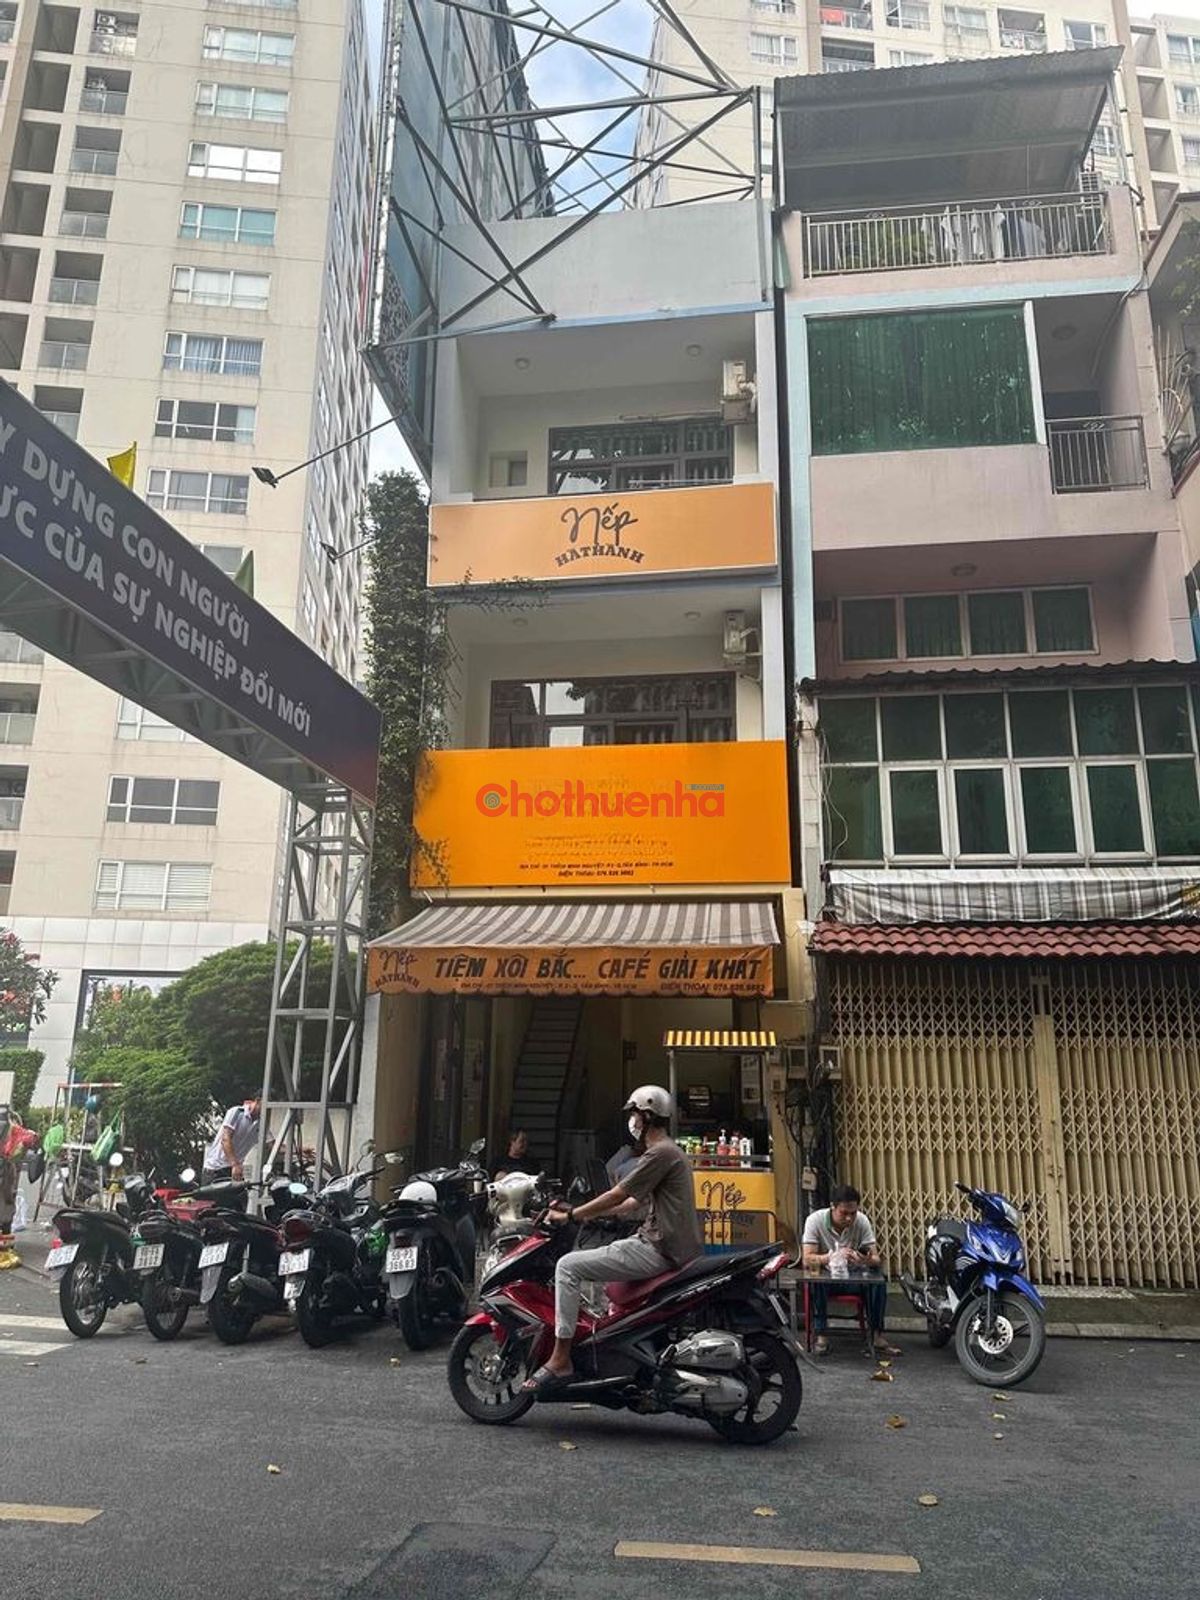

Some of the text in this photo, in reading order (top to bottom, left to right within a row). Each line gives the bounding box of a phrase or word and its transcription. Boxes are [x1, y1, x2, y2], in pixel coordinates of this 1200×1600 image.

[23, 438, 115, 539] DỰNG
[122, 525, 174, 587] CON
[179, 569, 249, 646] NGƯỜI
[45, 522, 104, 591] CỦA
[113, 571, 151, 623] SỰ
[155, 602, 237, 681] NGHIỆP
[240, 668, 274, 710] ĐỔI
[278, 693, 311, 737] MỚI
[434, 953, 487, 982] TIỆM
[493, 953, 529, 978] XÔI
[598, 950, 651, 979] CAFÉ
[659, 950, 698, 979] GIẢI
[705, 951, 762, 979] KHÁT
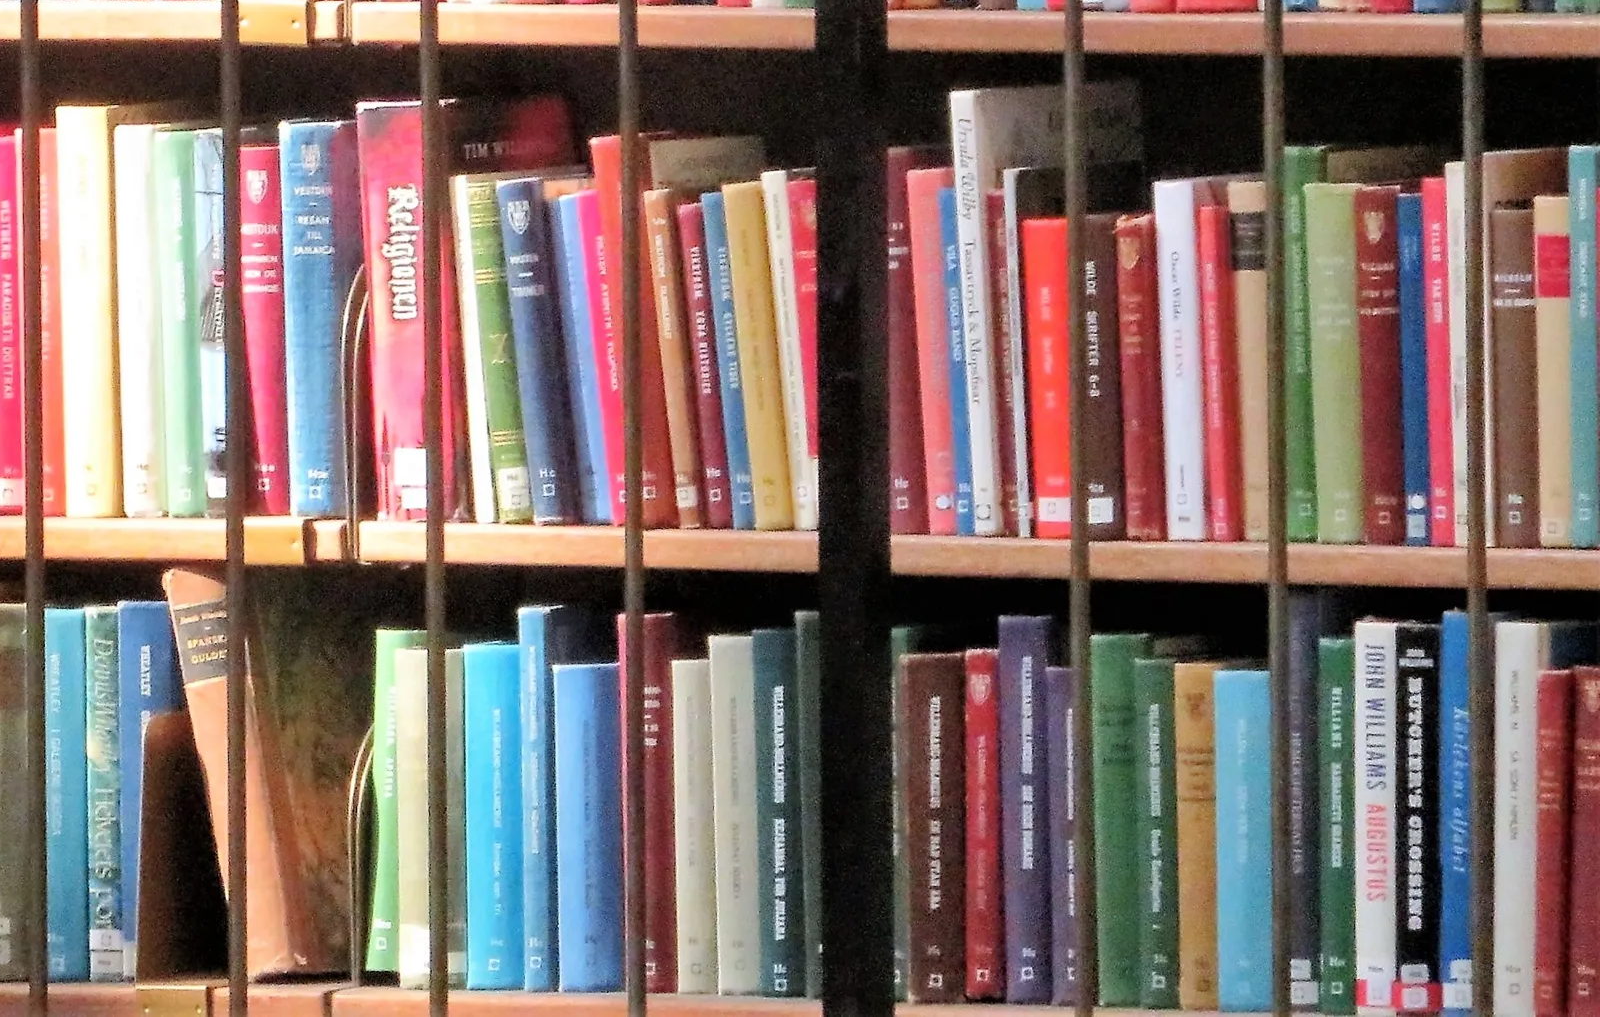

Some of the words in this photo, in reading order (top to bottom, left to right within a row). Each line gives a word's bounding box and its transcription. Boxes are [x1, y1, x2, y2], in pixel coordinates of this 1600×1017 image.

[381, 184, 420, 320] Religionen
[1363, 643, 1387, 689] JOHN
[1364, 697, 1387, 791] WILLIAMS
[1365, 803, 1388, 902] AUGUSTUS
[1407, 815, 1423, 930] CROSSING
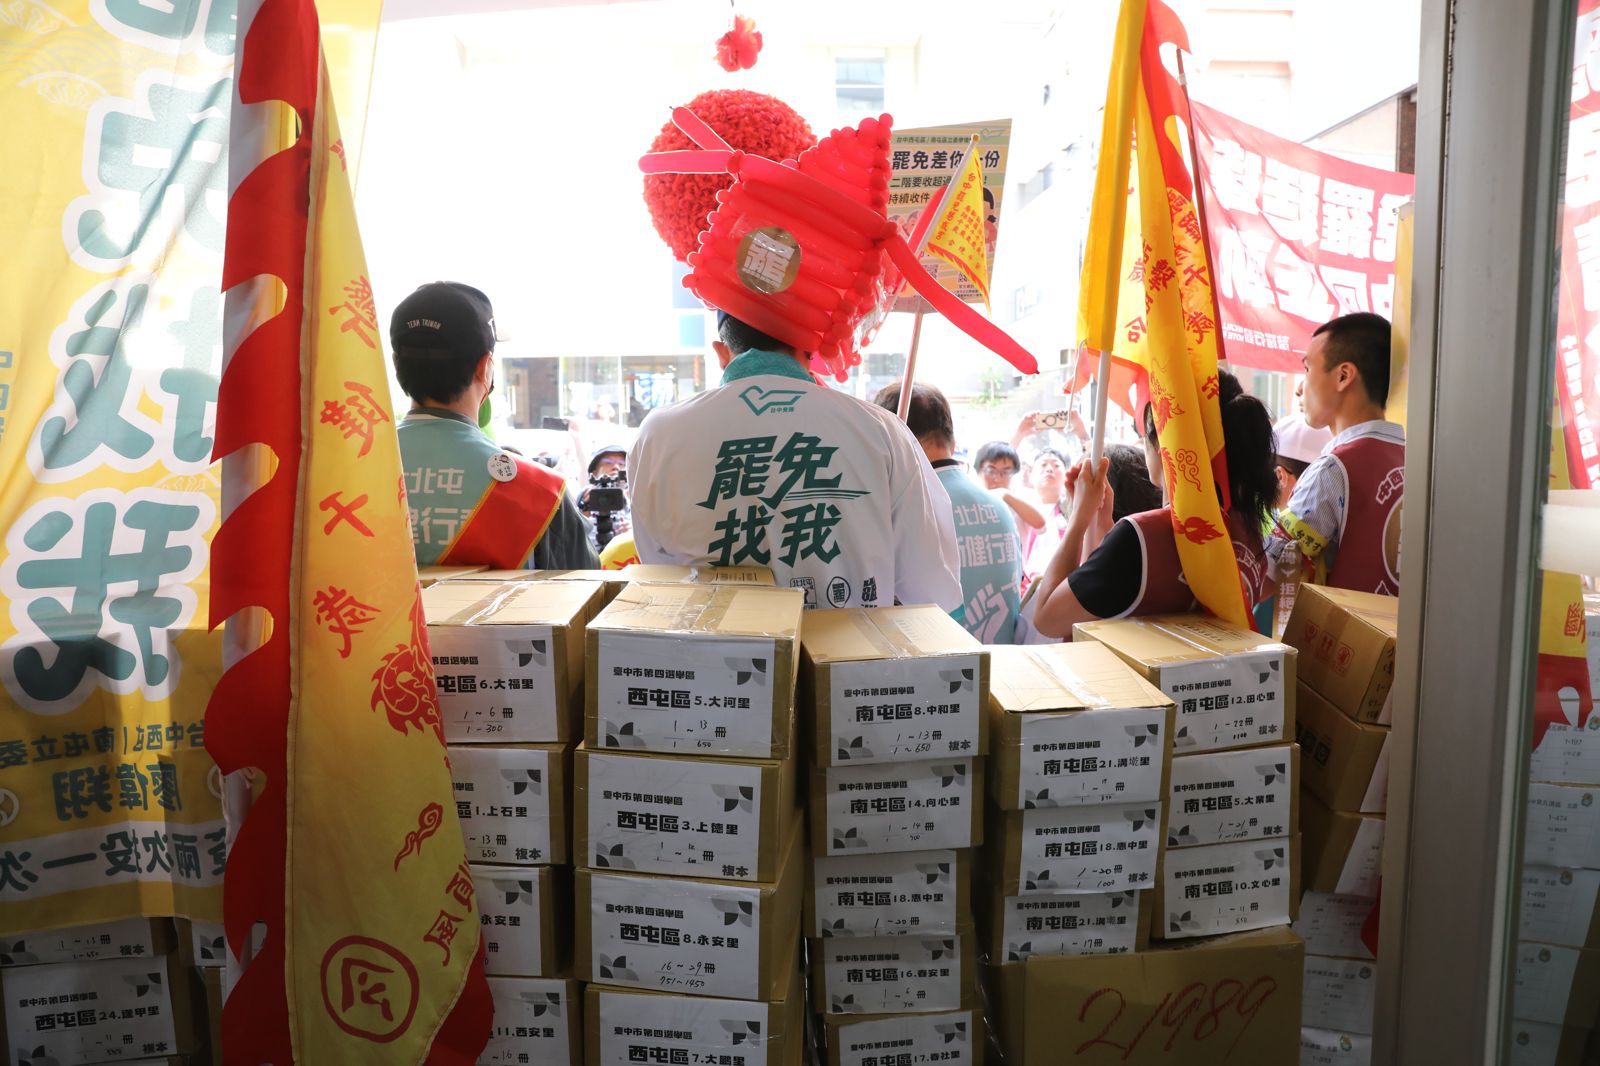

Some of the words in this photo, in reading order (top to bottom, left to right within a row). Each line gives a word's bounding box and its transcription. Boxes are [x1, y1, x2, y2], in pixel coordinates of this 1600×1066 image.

[892, 150, 1000, 170] 罷免差你份
[696, 432, 850, 510] 罷免
[707, 502, 842, 568] 找我
[515, 848, 542, 860] 複本
[721, 864, 749, 878] 複本
[480, 914, 521, 927] 永安里
[119, 944, 145, 956] 複本
[142, 1042, 168, 1054] 複本

————

Write out exactly the final stretch of the records: the line containing "this 1600×1066 image." and every line after it, through the last, and nothing else.

• _Task solution_
Some of the words in this photo, in reading order (top to bottom, left to right within a row). Each line gives a word's bounding box and its transcription. Boxes are [x1, y1, x2, y2], in pixel coordinates of this 1600×1066 image.

[892, 150, 1000, 170] 罷免差你份
[696, 432, 850, 510] 罷免
[707, 502, 842, 568] 找我
[515, 848, 542, 860] 複本
[721, 864, 749, 878] 複本
[480, 914, 521, 927] 永安里
[119, 944, 145, 956] 複本
[142, 1042, 168, 1054] 複本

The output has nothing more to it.